Problem description:
Every record below needs to be set down exactly. Pictures do not belong in the copy.

Supplied material:
* * * * * * *

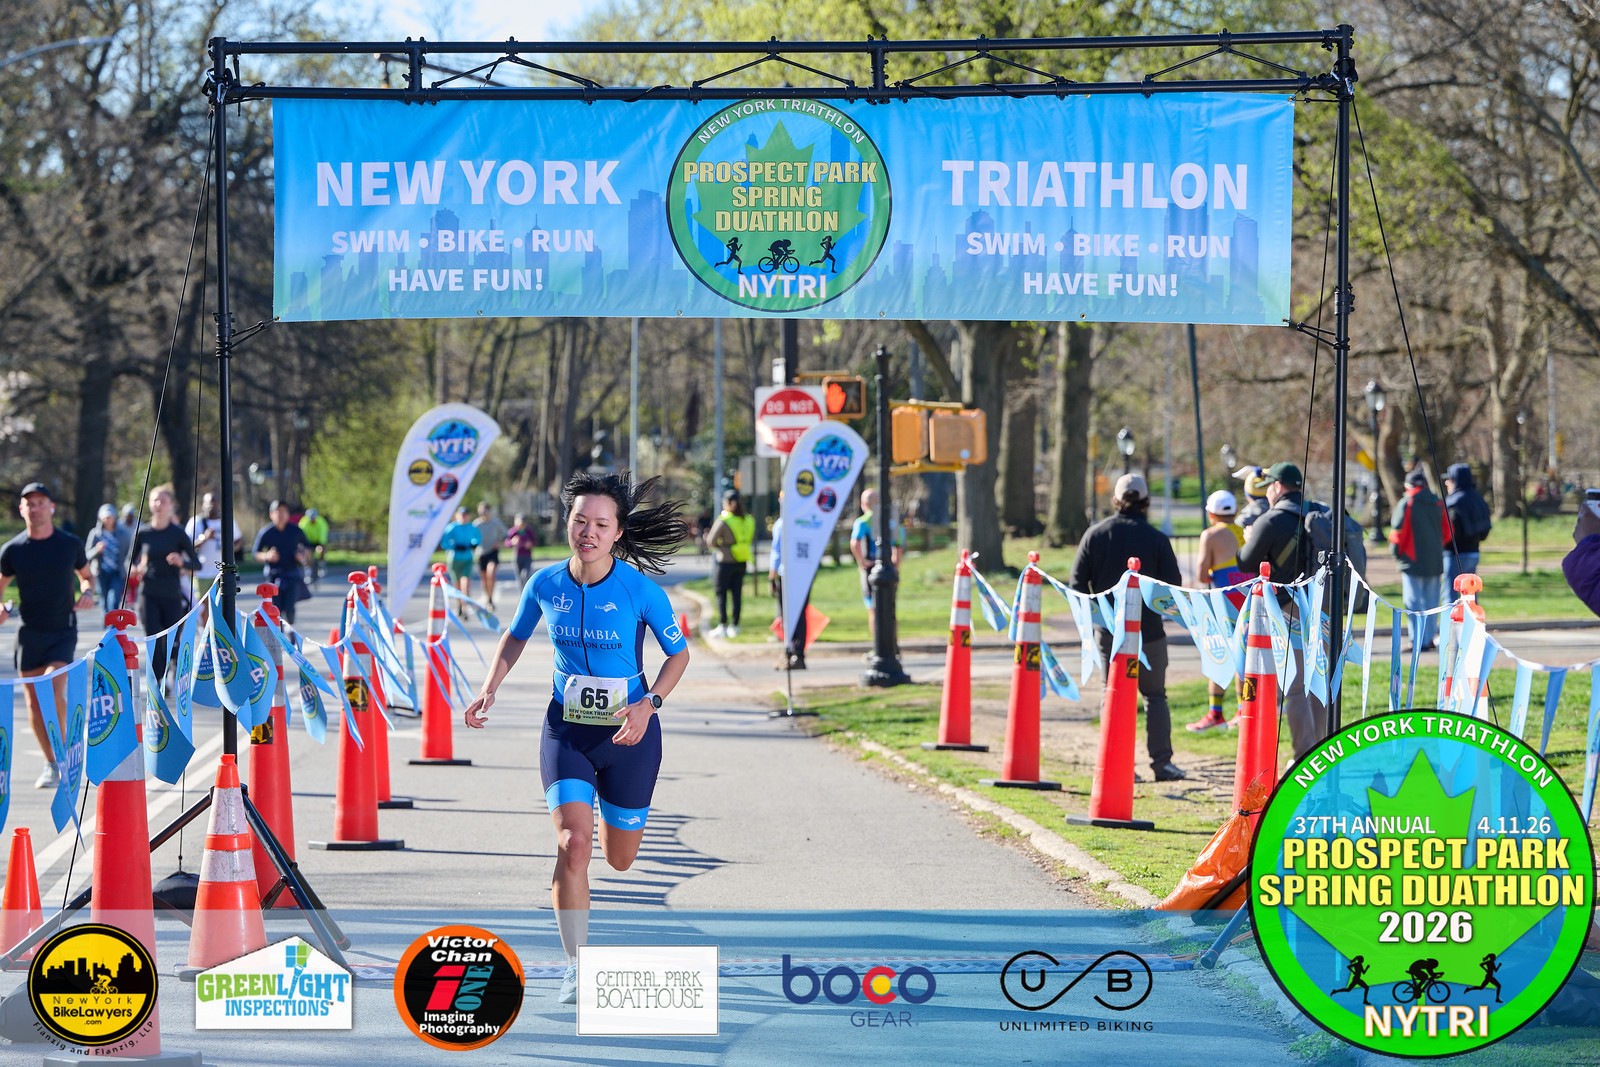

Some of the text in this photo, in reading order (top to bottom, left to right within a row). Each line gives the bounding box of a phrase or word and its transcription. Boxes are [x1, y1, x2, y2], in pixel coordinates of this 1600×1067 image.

[697, 98, 865, 144] NEW YORK TRIATHLON
[317, 159, 622, 206] NEW YORK
[683, 161, 878, 183] PROSPECT PARK
[942, 160, 1248, 210] TRIATHLON
[731, 186, 823, 208] SPRING
[715, 210, 840, 232] DUATHLON
[331, 229, 595, 253] SWIM BIKE RUN
[966, 231, 1230, 259] SWIM BIKE RUN
[388, 268, 544, 292] HAVE FUN!
[738, 274, 827, 299] NYTRI
[1023, 271, 1178, 297] HAVE FUN!
[766, 400, 814, 414] DO NOT
[428, 437, 477, 455] NYTR
[548, 623, 620, 641] COLUMBIA
[551, 637, 623, 650] TRIATHLON CLUB
[580, 687, 609, 710] 65

* * * * * * *

Written response:
Some of the text in this photo, in reading order (top to bottom, left to right within a row). Each line gives the bounding box of a phrase or word and its transcription. Boxes are [x1, y1, x2, y2], in pixel coordinates of this 1600×1067 image.

[697, 98, 865, 144] NEW YORK TRIATHLON
[317, 159, 622, 206] NEW YORK
[683, 161, 878, 183] PROSPECT PARK
[942, 160, 1248, 210] TRIATHLON
[731, 186, 823, 208] SPRING
[715, 210, 840, 232] DUATHLON
[331, 229, 595, 253] SWIM BIKE RUN
[966, 231, 1230, 259] SWIM BIKE RUN
[388, 268, 544, 292] HAVE FUN!
[738, 274, 827, 299] NYTRI
[1023, 271, 1178, 297] HAVE FUN!
[766, 400, 814, 414] DO NOT
[428, 437, 477, 455] NYTR
[548, 623, 620, 641] COLUMBIA
[551, 637, 623, 650] TRIATHLON CLUB
[580, 687, 609, 710] 65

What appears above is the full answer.